Australian jazz guitarist

George Golla (born 10 May 1935) is an Australian jazz guitarist. In 1959 he commenced a long-term working musical partnership with clarinetist/flautist/saxophonist Don Burrows that continued for almost 40 years.

==Biography==
Golla was born on 10 May 1935 in Chorzów, Poland. He emigrated to Australia in the 1950s and began working in Sydney from 1957.

In 1959, he commenced a long-term working musical partnership with the clarinetist, flautist and saxophonist Don Burrows that continued for almost forty years. They recorded frequently together and in quartets and other combinations. Together they nurtured and featured many young talents, including brassman and multi-instrumentalist James Morrison, guitarist Guy Strazzullo, drummer David Jones and others they taught at the New South Wales Conservatorium.

Golla was a teacher at the Academy of Guitar in Bondi alongside Don Andrews, specialising in jazz and classical guitar.

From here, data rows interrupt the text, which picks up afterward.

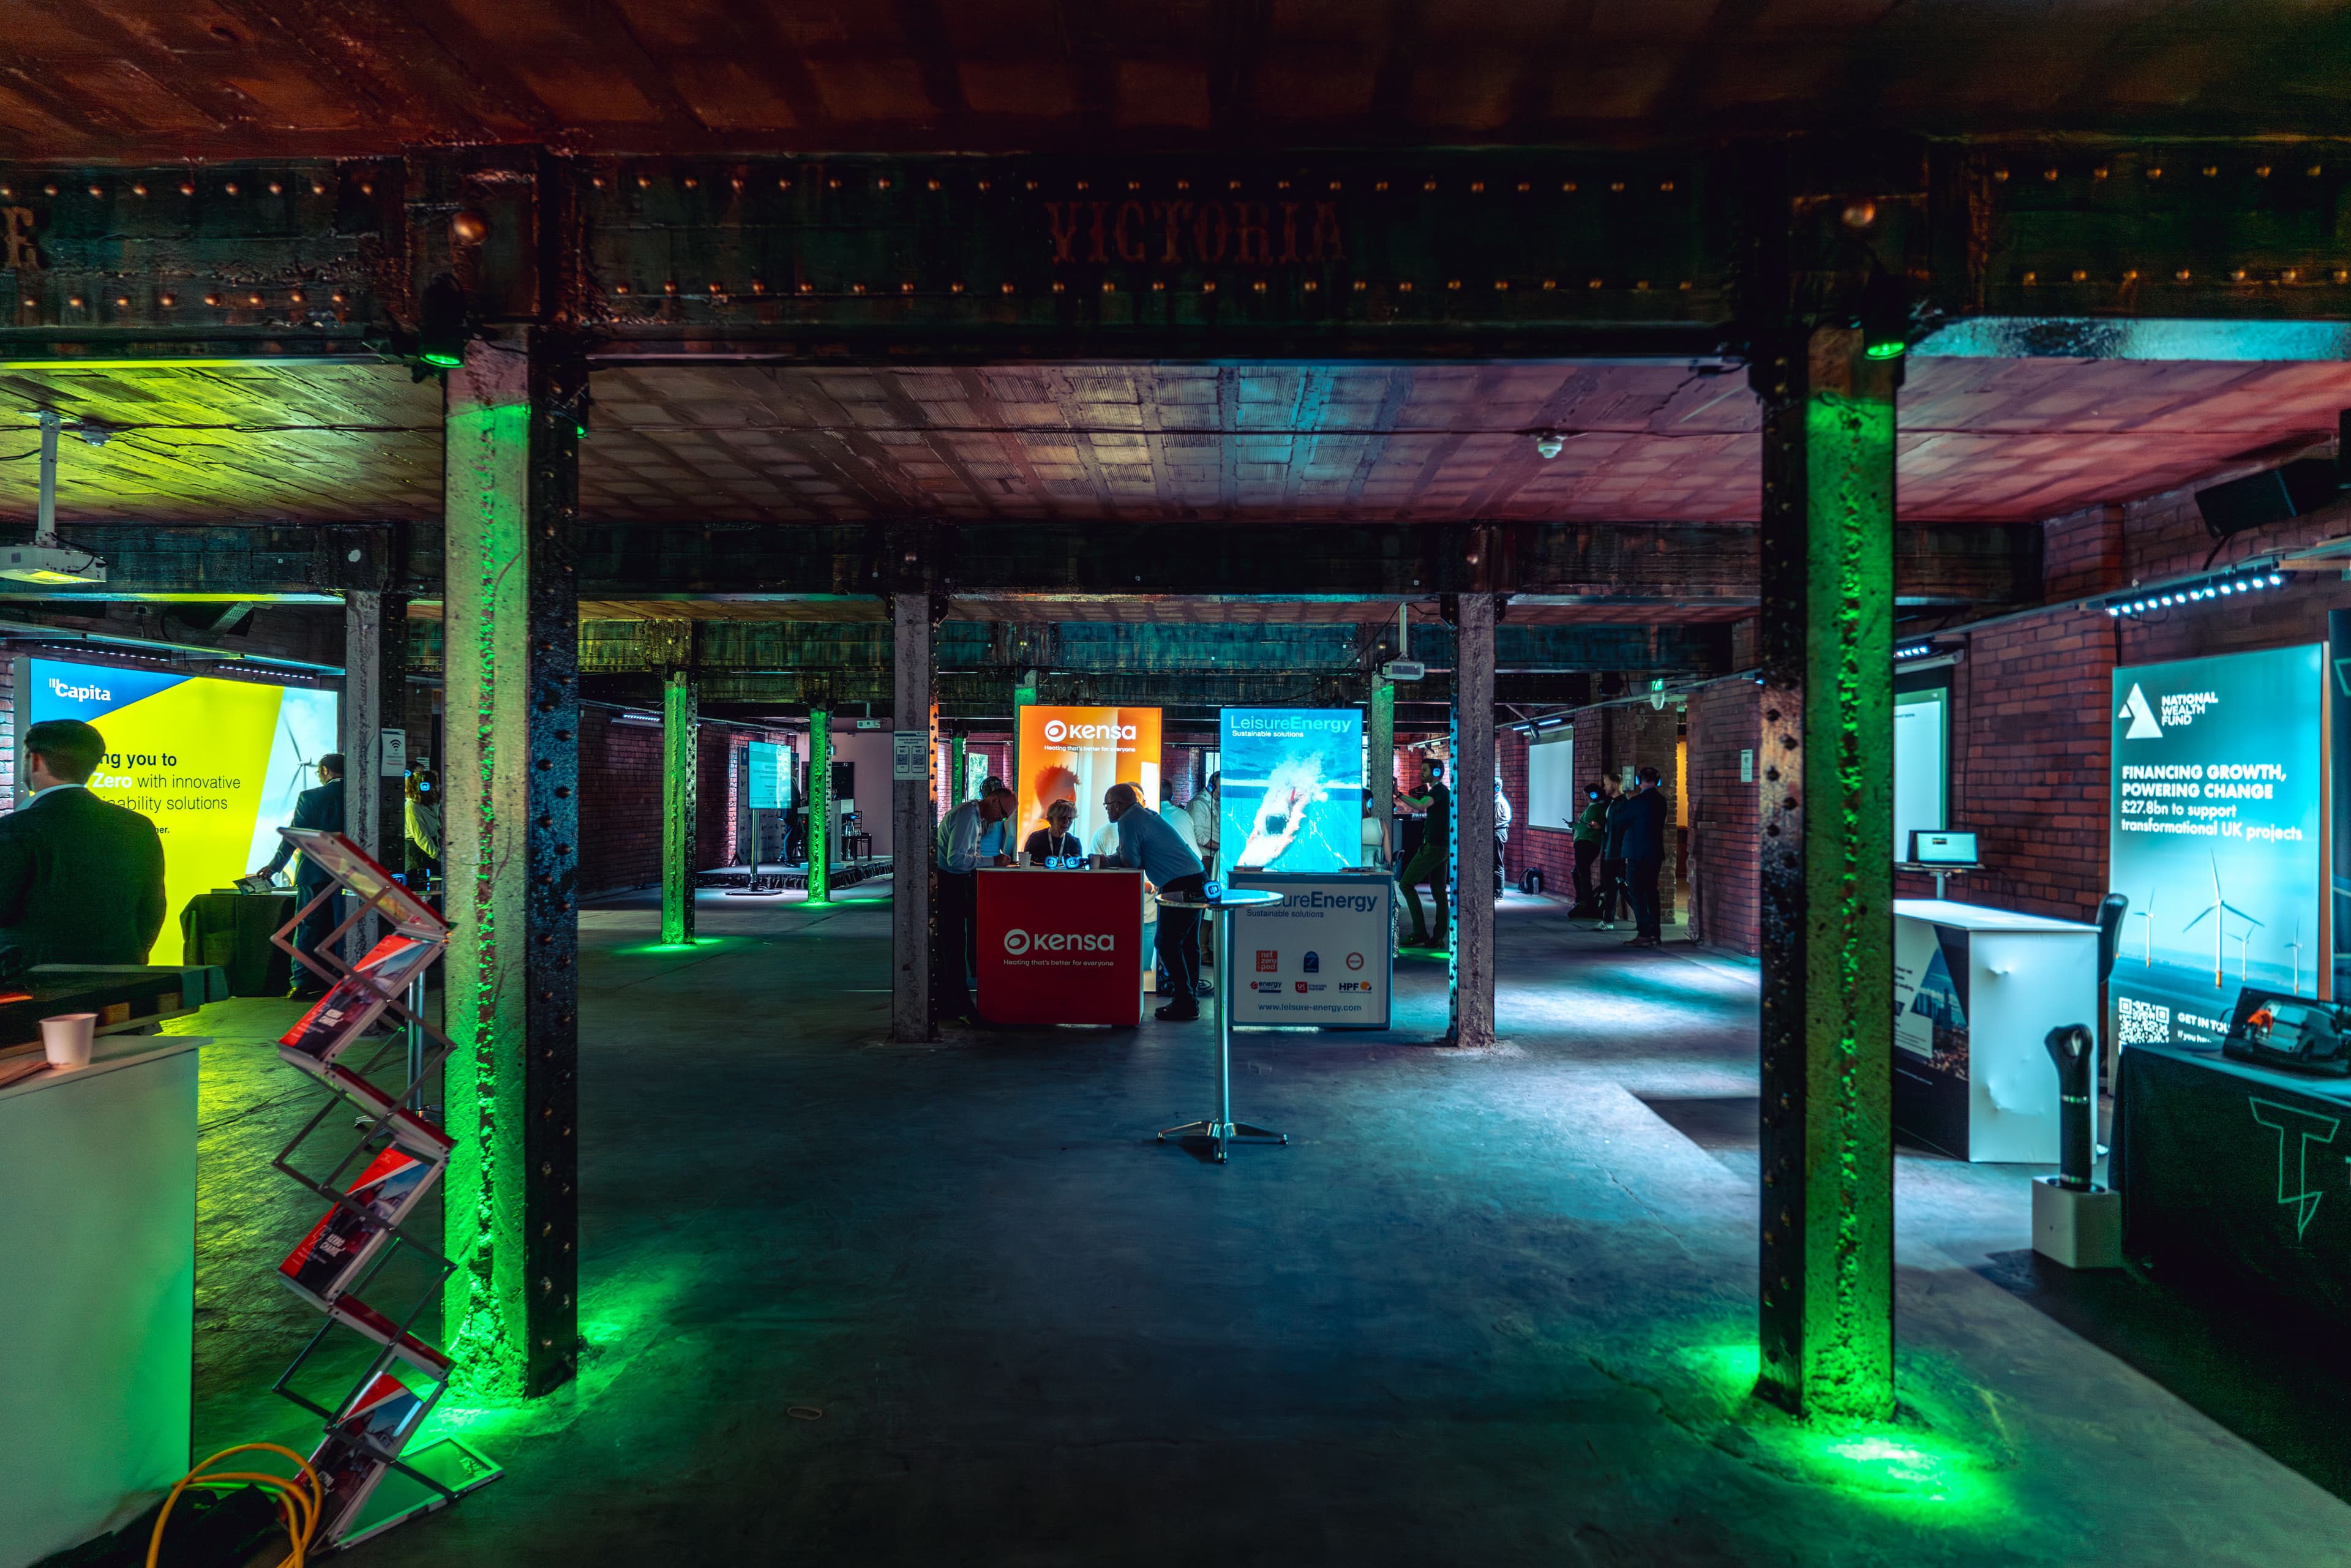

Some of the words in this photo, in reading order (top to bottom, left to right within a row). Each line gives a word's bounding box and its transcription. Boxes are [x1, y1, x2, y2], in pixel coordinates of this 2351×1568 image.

[1044, 200, 1347, 265] VICTORIA
[54, 683, 111, 702] Capita
[2161, 691, 2219, 706] NATIONAL
[2161, 704, 2205, 716] WEALTH
[1231, 715, 1351, 733] LeisureEnergy
[2161, 715, 2192, 726] FUND
[127, 754, 156, 768] you
[162, 752, 177, 767] to
[92, 772, 132, 789] Zero
[137, 774, 167, 789] with
[173, 774, 241, 789] innovative
[2122, 765, 2203, 780] FINANCING
[2207, 763, 2287, 782] GROWTH,
[2122, 782, 2200, 798] POWERING
[2204, 783, 2273, 799] CHANGE
[167, 797, 228, 809] solutions
[2121, 800, 2169, 815] £27.8bn
[2172, 803, 2184, 816] to
[2188, 804, 2237, 820] support
[2121, 817, 2218, 836] transformational
[2221, 821, 2243, 838] UK
[2246, 823, 2303, 843] projects
[1291, 910, 1324, 918] solutions
[1258, 1003, 1362, 1012] www.leisure-energy.com
[2178, 1012, 2197, 1026] GET
[2197, 1016, 2209, 1029] IN
[2183, 1033, 2196, 1042] you

He has written several books on theory, scales and the modes.

Golla toured frequently throughout Australia and at times with international guest support artists such as vibraphonist Gary Burton in the early 1970s. He has had a long association with Brazilian musicians including Luis Bonfa and extensive performance of and many recordings of Latin American-influenced jazz, including the Bonfa Burrows Brazil (The Orchard).

Golla appeared at both the Montreux Jazz Festival and Newport Jazz Festival in 1972 and has performed at many Australian festivals. He is a frequent contributor at the annual Frankston International Guitar Festival.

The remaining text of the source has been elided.